Siamo di fronte alla riproposizione di “modelli” di gestione dei flussi migratori affatto vistosi. Assisteremo alla replica di quanto accaduto in Libia e in Turchia.
Abbiamo già appurato i danni di un accordo che, bypassando il parlamento con lo strumento del “Memorandum”, poco più di una lettera di intenti senza l’avvallo di tutti gli Stati coinvolti, garantisce fondi a governi che non hanno certo il baluardo dei diritti come principio prioritario.
È stato sottoscritto “un patto col diavolo” che autorizza Tunisi a fermare con ogni mezzo i tentativi di fuga dal paese.
E non solo i giovani tunisini oppressi da una crisi economica e sociale senza fine, ma migliaia di subsahariani la cui vita è messa a rischio dai proclami razzisti di Saied.
Non è il primo Memorandum che si stringe con la Tunisia ma la fase particolare che sta attraversando il Paese lo rende ancora più pericoloso.

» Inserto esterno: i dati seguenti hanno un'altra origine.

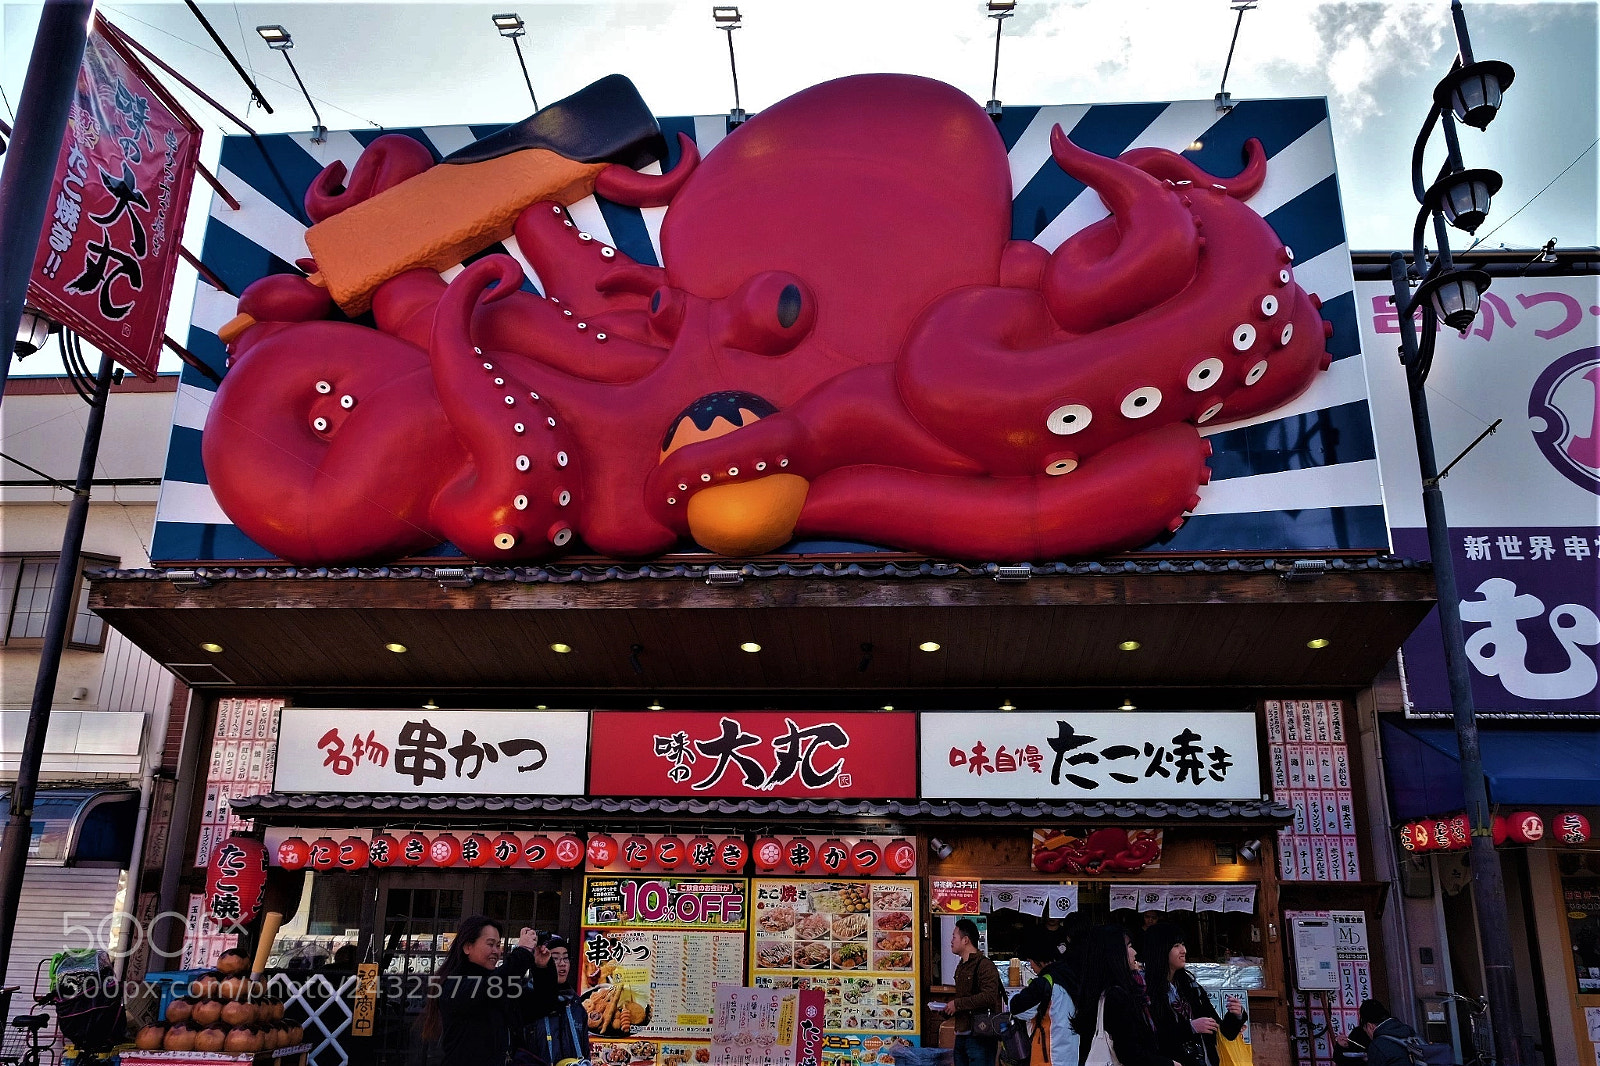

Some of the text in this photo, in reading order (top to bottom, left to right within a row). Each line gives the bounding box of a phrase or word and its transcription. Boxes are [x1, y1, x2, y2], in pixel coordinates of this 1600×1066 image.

[1295, 803, 1305, 832] ベーコン
[1310, 801, 1322, 833] チャンジャ
[1326, 804, 1336, 829] もち
[1341, 804, 1352, 829] 明太子
[1284, 850, 1293, 875] コーン
[1299, 850, 1310, 875] チーズ
[1346, 850, 1357, 875] キムチ
[1342, 968, 1354, 1006] ロースハム
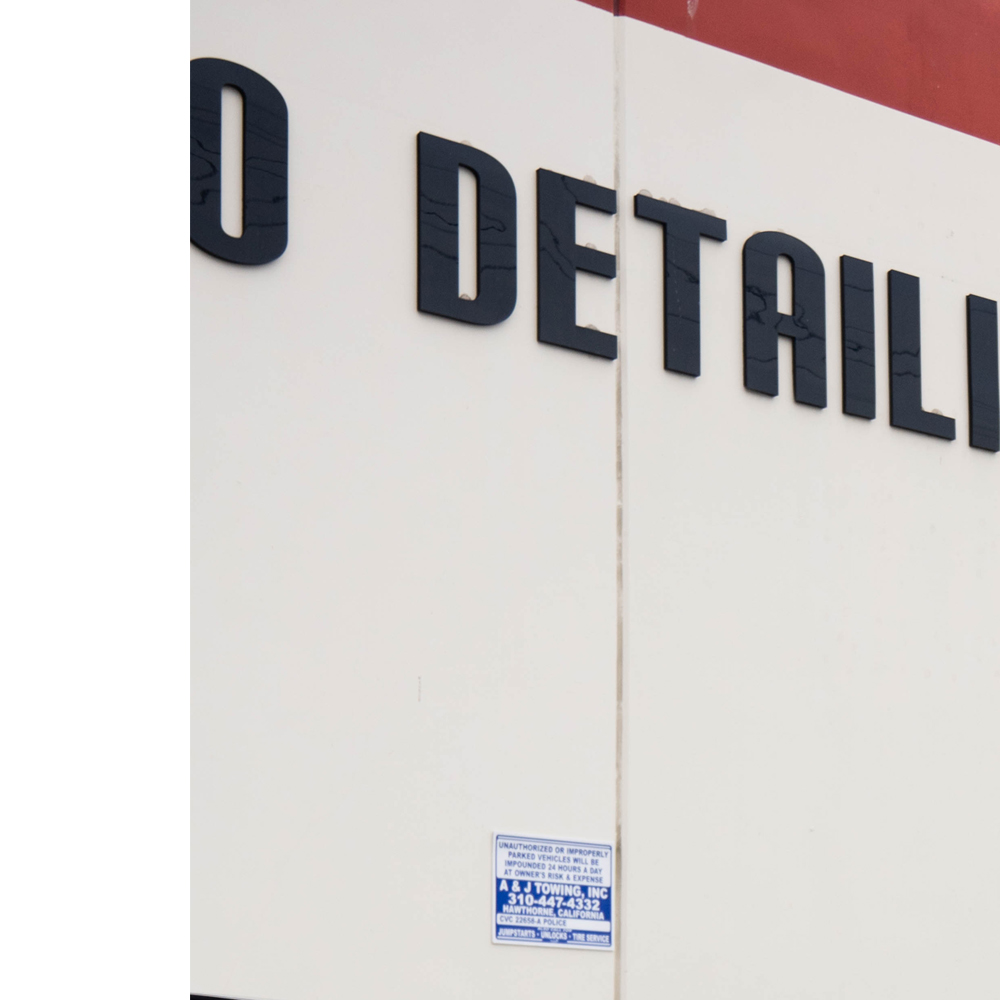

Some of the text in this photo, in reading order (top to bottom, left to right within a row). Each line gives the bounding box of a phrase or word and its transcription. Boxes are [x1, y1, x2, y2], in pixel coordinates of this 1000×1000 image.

[498, 842, 609, 858] UNAUTHORIZED OR IMPROPERLY
[508, 851, 536, 860] PARKED
[538, 854, 571, 864] VEHICLES
[573, 857, 588, 865] WILL
[504, 860, 546, 870] IMPOUNDED
[548, 863, 556, 871] 24
[558, 864, 581, 873] HOURS
[590, 867, 602, 875] DAY
[514, 870, 546, 879] OWNER'S
[548, 872, 564, 880] RISK
[573, 875, 603, 884] EXPENSE
[499, 879, 609, 900] A & J TOWING, INC
[508, 892, 601, 912] 310-447-4332
[500, 915, 513, 923] CVC
[502, 904, 605, 920] HAWTHORNE, CALIFORNIA
[498, 928, 536, 938] JUMPSTARTS
[540, 930, 568, 940] UNLOCKS
[572, 932, 586, 942] TIRE
[586, 934, 610, 943] SERVICE

Da settimane in Tunisia si registrano deportazioni di massa verso il confine libico e algerino. 1.200 persone sono state lasciate per giorni senza cibo e acqua, inclusi bambini e donne incinte. A Sfax migliaia di persone vivono per strada dopo essere state cacciate dalle loro case. La polizia ha sparato ad altezza d’uomo.
Il Memorandum, sponsorizzato dal Governo italiano, ignora volutamente tutto questo.
E bisogna denunciarlo. Si stanno profilando ulteriori crimini contro una larga fetta di umanità di cui non vogliamo essere complici restando in silenzio.